True reuse is building systems a component at a time, not a line at a time. It's working with big blocks that work in well-defined ways. without digging into the guts to tweak, debug or improve. Richard Selby found that, when porting old code to a new project, if more than about 25% gets modified there's not much of a schedule boost. Reuse works best when done in the large.
The gritty truth is, though, that before a package is truly reuseable, it must have been reused at least three times. In other words, domain analysis is hard. We're not smart enough to truly understand the range of applications where a chunk of software may be used. Every domain requires its own unique features and tweaks; till we've actually used the code several times, over a wide enough range of apps, we won't have generalized it enough to have it truly reuseable.
This suggests that reuse is terribly expensive. We spend money like mad making decent code but don't reap the benefits till we've reused it three times. How many of us have the patience and discipline - and time - to create code for a future need? Reuse is like a savings account: there's no value till you've put a lot into the account. The more you invest, the more benefit accrues.
When will we be able to buy big chunks of our applications, rather than write them all from scratch? Is the Software IC even possible?
The future belongs to people brave and clever enough to discard old modes of thinking and adopt and create new ideas. We will find ways to design products using previously-written code. The benefits are too compelling to continue building systems a line at a time. It may mean tossing resources, memory, and high end CPUs at low end apps. It may mean new tools. Surely we'll design systems differently. Though some of the implementation details are murky today, the outcome is pretty clear.

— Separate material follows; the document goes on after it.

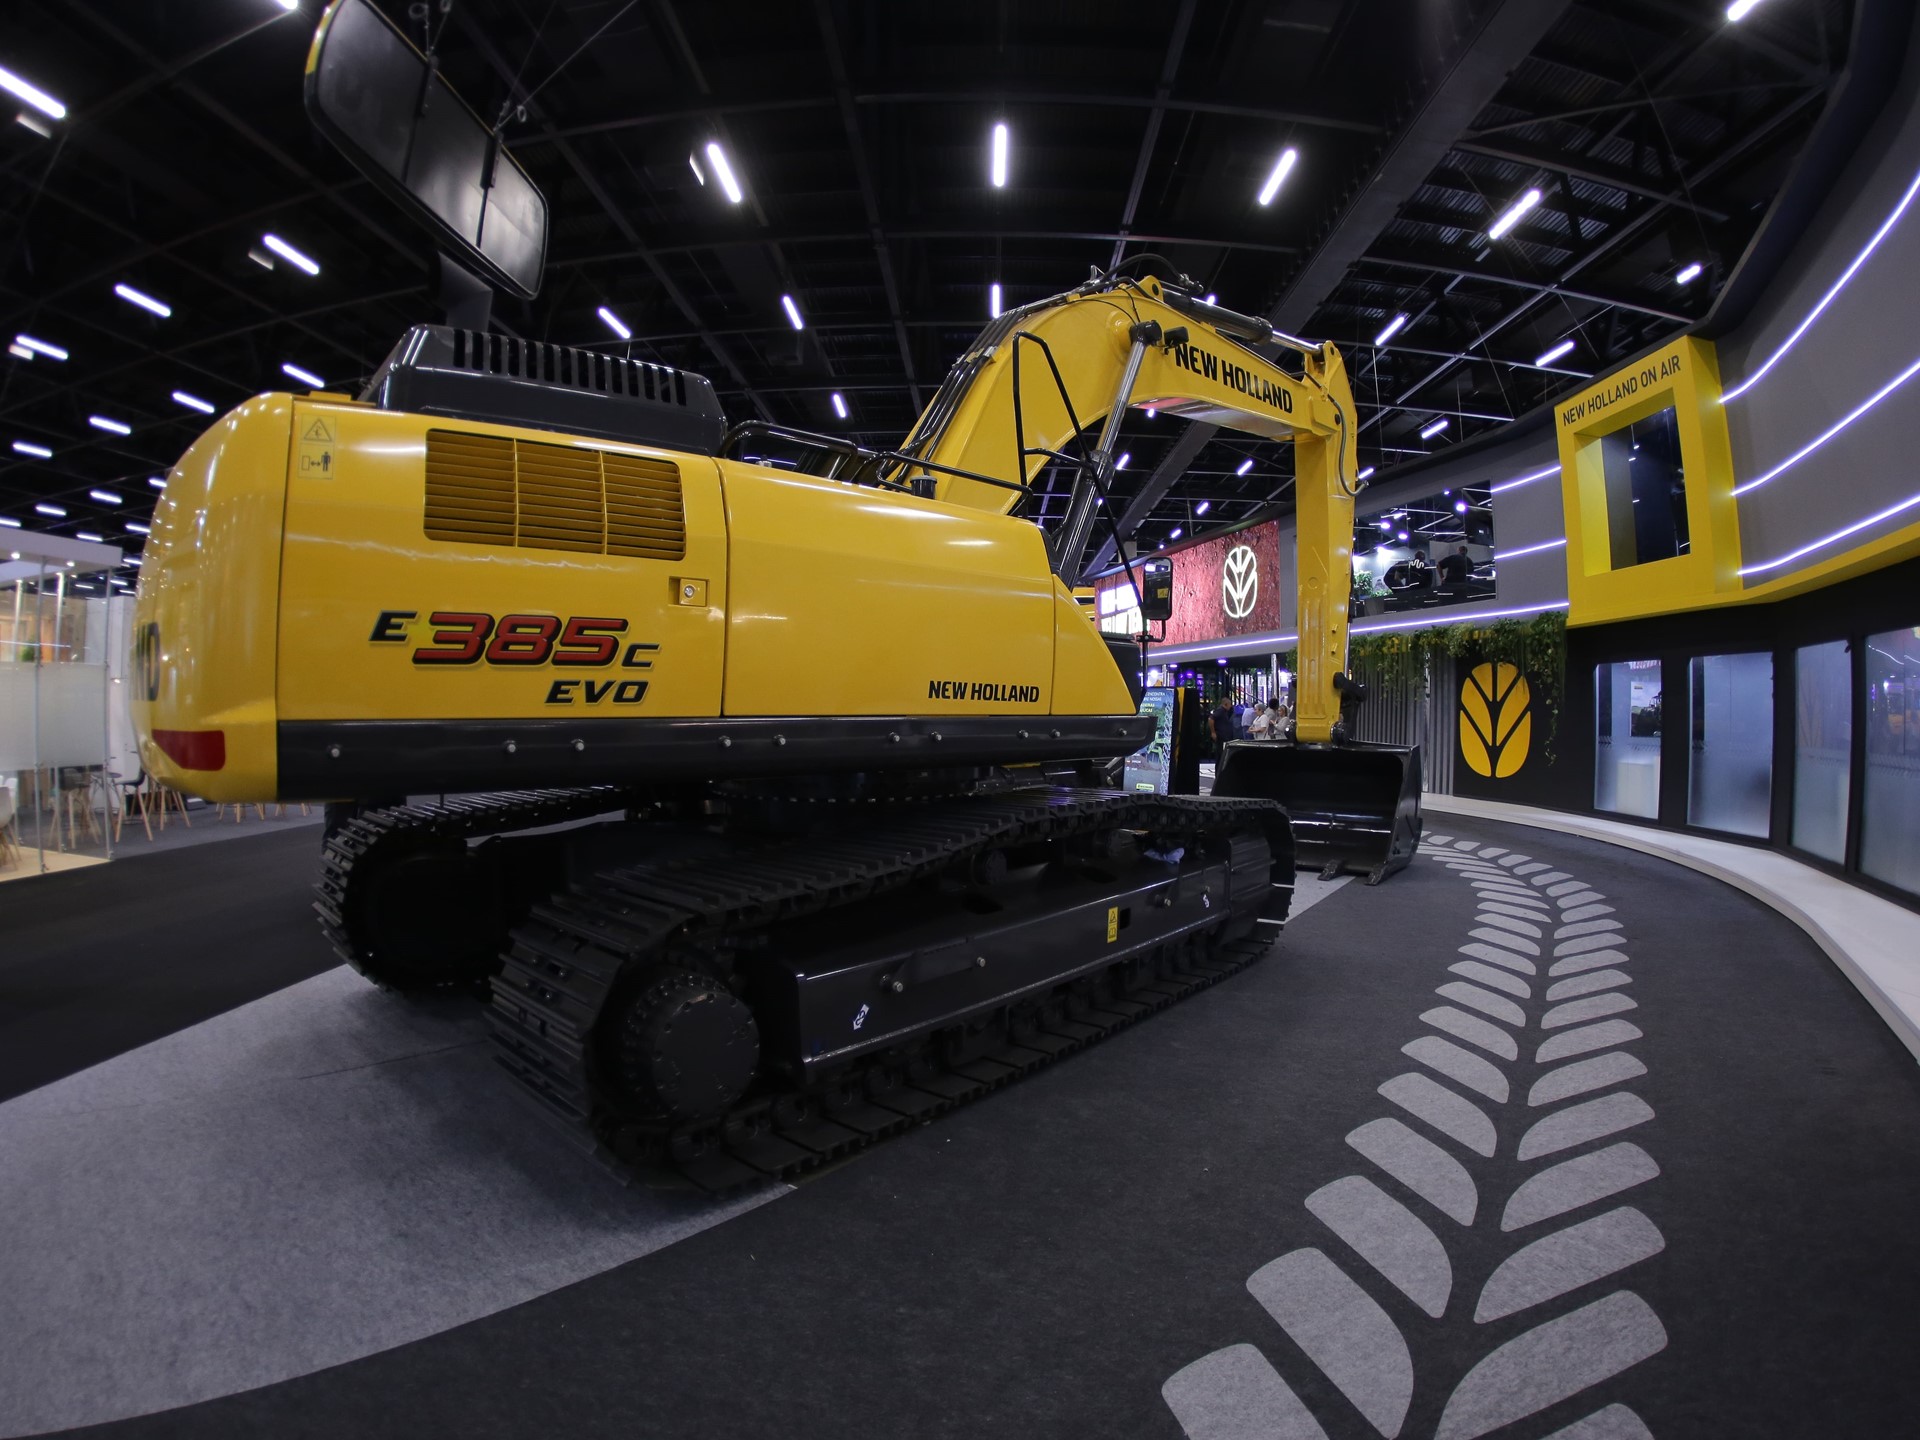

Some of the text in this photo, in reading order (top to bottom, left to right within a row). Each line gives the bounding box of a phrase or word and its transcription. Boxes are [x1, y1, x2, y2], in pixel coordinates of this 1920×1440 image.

The biggest change will be in our attitudes, our approach to building products. Someday each of us, supported by management, will recognize two critical factors: firmware is the most expensive thing in the universe, and any idiot can write code. The future belongs to developers who find better ways to build products, not to super-coders.
So, to my friend Kirk and all the rest of the non-engineering world, we do work under enormous scheduling pressures. You the public demand it. Your digitally stabilized binoculars, that $100 GPS, the digital camera, and all of the other electronic products that make up your world all come from engineers struggling under impossible deadlines to produce amazingly inexpensive and reliable systems.
Once in a while, when you use one of these systems, think of us! We're back in the lab, working on version 2.0.